Stored entries
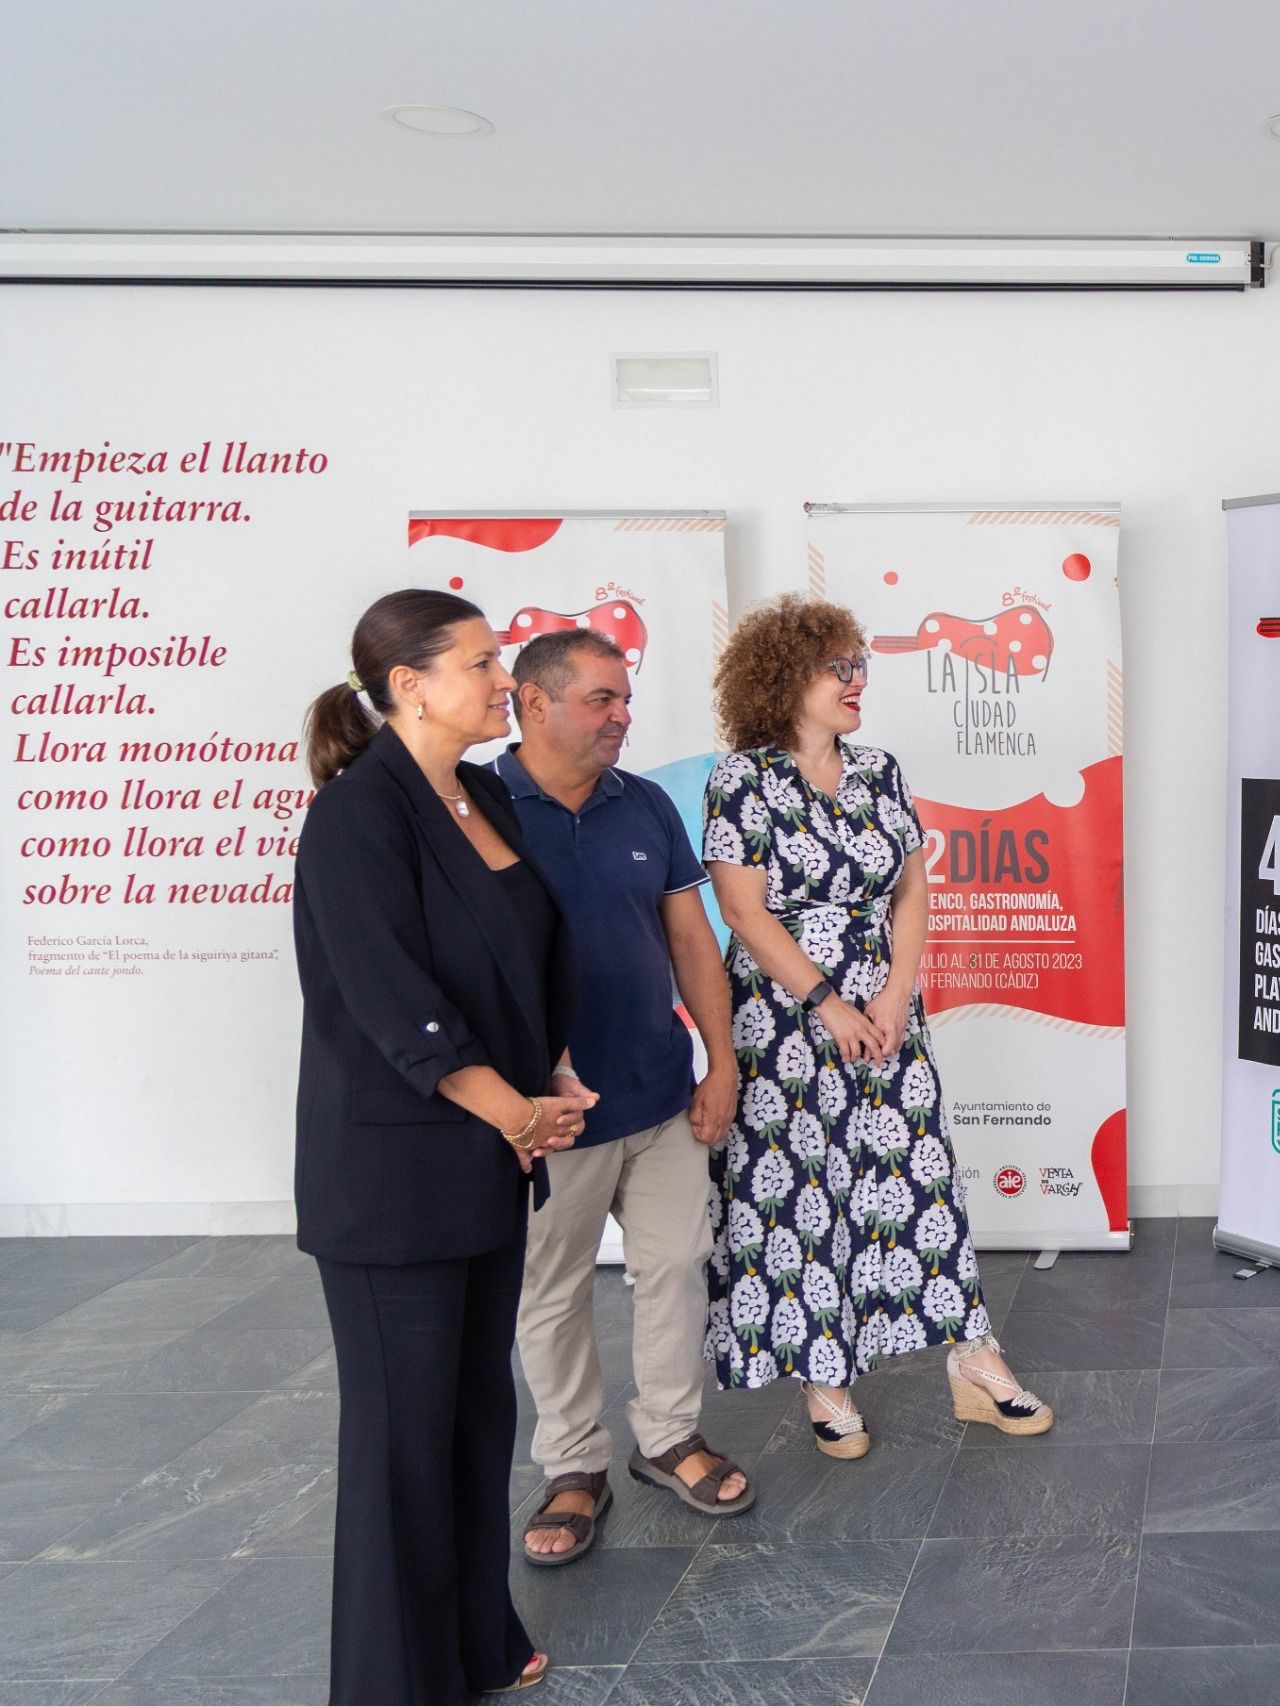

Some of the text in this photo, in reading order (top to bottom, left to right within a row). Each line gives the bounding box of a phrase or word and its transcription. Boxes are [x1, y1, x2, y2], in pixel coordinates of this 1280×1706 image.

[180, 441, 210, 473] el
[221, 441, 328, 474] llanto
[0, 489, 251, 532] de la guitarra.
[1, 538, 154, 570] Es inútil
[4, 587, 150, 619] callarla.
[7, 635, 227, 677] Es imposible
[927, 650, 1020, 694] LA ISLA
[11, 683, 156, 715] callarla.
[954, 700, 1016, 728] CIUDAD
[14, 731, 299, 763] Llora monótona
[957, 731, 1036, 756] FLAMENCA
[17, 779, 316, 820] como llora el agu
[21, 825, 300, 857] como llora el vie
[22, 873, 112, 905] sobre
[123, 873, 156, 904] la
[927, 890, 1063, 911] ENCO, GASTRONOMÍA,
[928, 915, 1076, 932] OSPITALIDAD ANDALUZA
[27, 936, 73, 946] Federico
[28, 950, 85, 963] fragmento
[87, 950, 100, 960] de
[123, 952, 160, 963] poema
[163, 950, 177, 960] de
[179, 950, 189, 960] la
[29, 966, 62, 976] Poema
[65, 965, 80, 976] del
[83, 966, 109, 976] cante
[951, 953, 965, 968] AL
[969, 953, 982, 969] 31
[986, 953, 999, 969] DE
[1003, 953, 1048, 969] AGOSTO
[1052, 953, 1083, 970] 2023
[931, 973, 992, 989] FERNANDO
[953, 1101, 1051, 1113] Ayuntamiento de
[953, 1114, 1051, 1126] San Fernando
[1000, 1172, 1021, 1188] aie
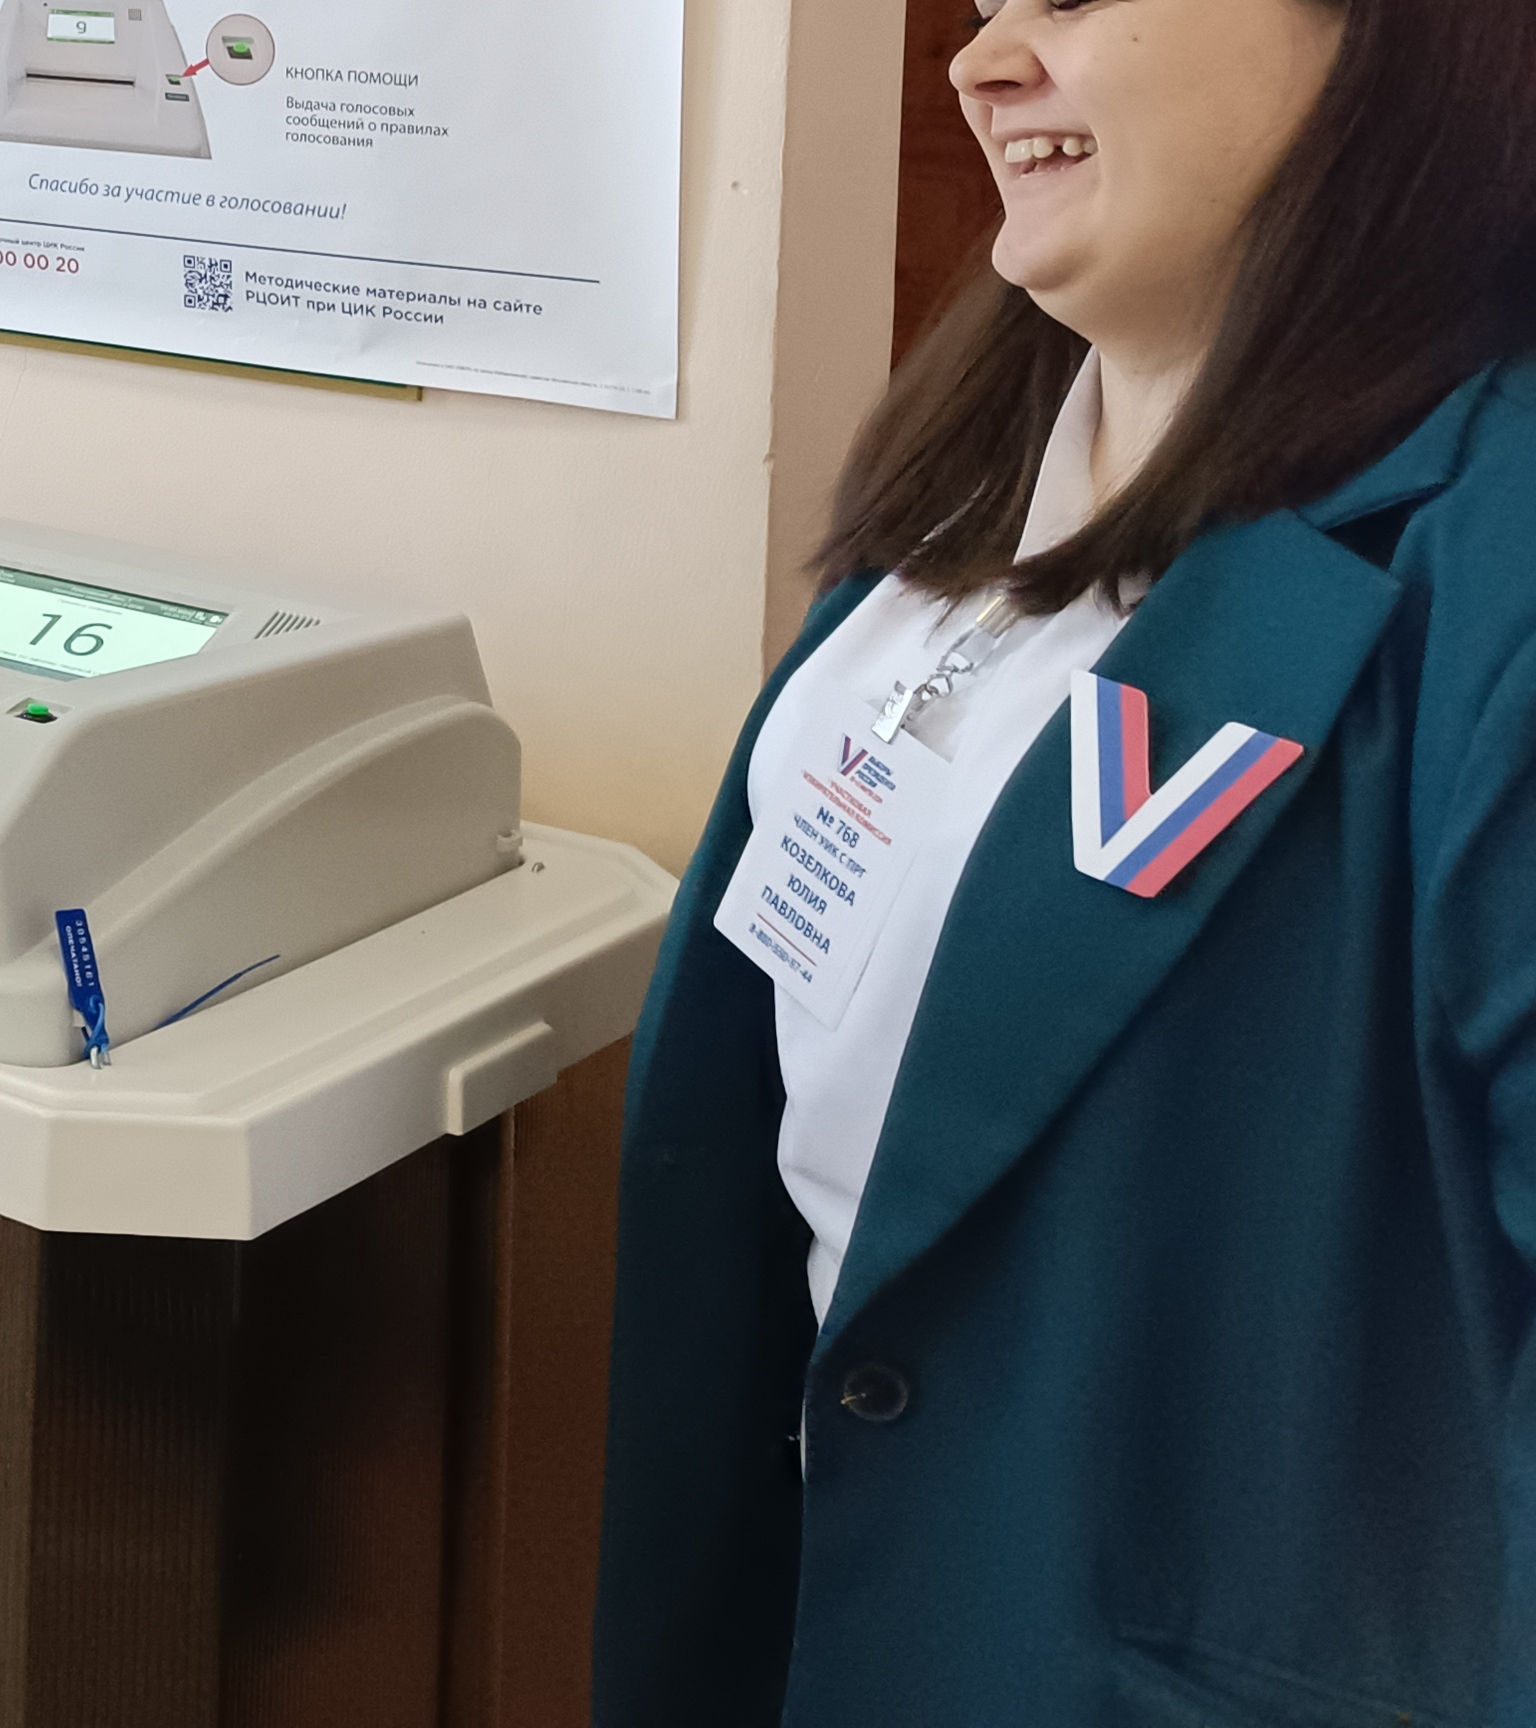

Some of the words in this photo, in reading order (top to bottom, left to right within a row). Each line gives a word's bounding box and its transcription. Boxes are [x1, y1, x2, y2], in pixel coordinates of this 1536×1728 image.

[75, 20, 87, 34] 9
[285, 66, 344, 82] КНОПКА
[347, 70, 419, 88] ПОМОЩИ
[286, 95, 336, 113] Выдача
[340, 102, 415, 117] голосовых
[285, 114, 364, 130] сообщений
[368, 122, 377, 131] о
[380, 122, 449, 137] правилах
[285, 131, 373, 148] голосования
[28, 173, 99, 195] Спасибо
[102, 183, 121, 198] за
[124, 185, 202, 206] участие
[206, 194, 216, 207] в
[219, 194, 347, 220] голосовании!
[23, 252, 49, 270] 00
[55, 256, 80, 274] 20
[245, 270, 361, 296] Методические
[366, 287, 461, 307] материалы
[467, 297, 488, 310] на
[493, 298, 543, 316] сайте
[245, 290, 301, 309] РЦОИТ
[307, 297, 336, 313] при
[341, 301, 376, 318] ЦИК
[382, 305, 444, 324] России
[28, 613, 113, 656] 16
[816, 806, 836, 828] №
[837, 819, 861, 850] 768
[780, 835, 857, 907] КОЗЕЛКОВА
[787, 874, 828, 916] ЮЛИЯ
[761, 884, 831, 955] ПАВЛОВНА

### Exercise instructions
Print only the lines from the one with "Some of the words" to the end of the records, both included.

### Problem solution
Some of the words in this photo, in reading order (top to bottom, left to right within a row). Each line gives a word's bounding box and its transcription. Boxes are [x1, y1, x2, y2], in pixel coordinates of this 1536×1728 image.

[75, 20, 87, 34] 9
[285, 66, 344, 82] КНОПКА
[347, 70, 419, 88] ПОМОЩИ
[286, 95, 336, 113] Выдача
[340, 102, 415, 117] голосовых
[285, 114, 364, 130] сообщений
[368, 122, 377, 131] о
[380, 122, 449, 137] правилах
[285, 131, 373, 148] голосования
[28, 173, 99, 195] Спасибо
[102, 183, 121, 198] за
[124, 185, 202, 206] участие
[206, 194, 216, 207] в
[219, 194, 347, 220] голосовании!
[23, 252, 49, 270] 00
[55, 256, 80, 274] 20
[245, 270, 361, 296] Методические
[366, 287, 461, 307] материалы
[467, 297, 488, 310] на
[493, 298, 543, 316] сайте
[245, 290, 301, 309] РЦОИТ
[307, 297, 336, 313] при
[341, 301, 376, 318] ЦИК
[382, 305, 444, 324] России
[28, 613, 113, 656] 16
[816, 806, 836, 828] №
[837, 819, 861, 850] 768
[780, 835, 857, 907] КОЗЕЛКОВА
[787, 874, 828, 916] ЮЛИЯ
[761, 884, 831, 955] ПАВЛОВНА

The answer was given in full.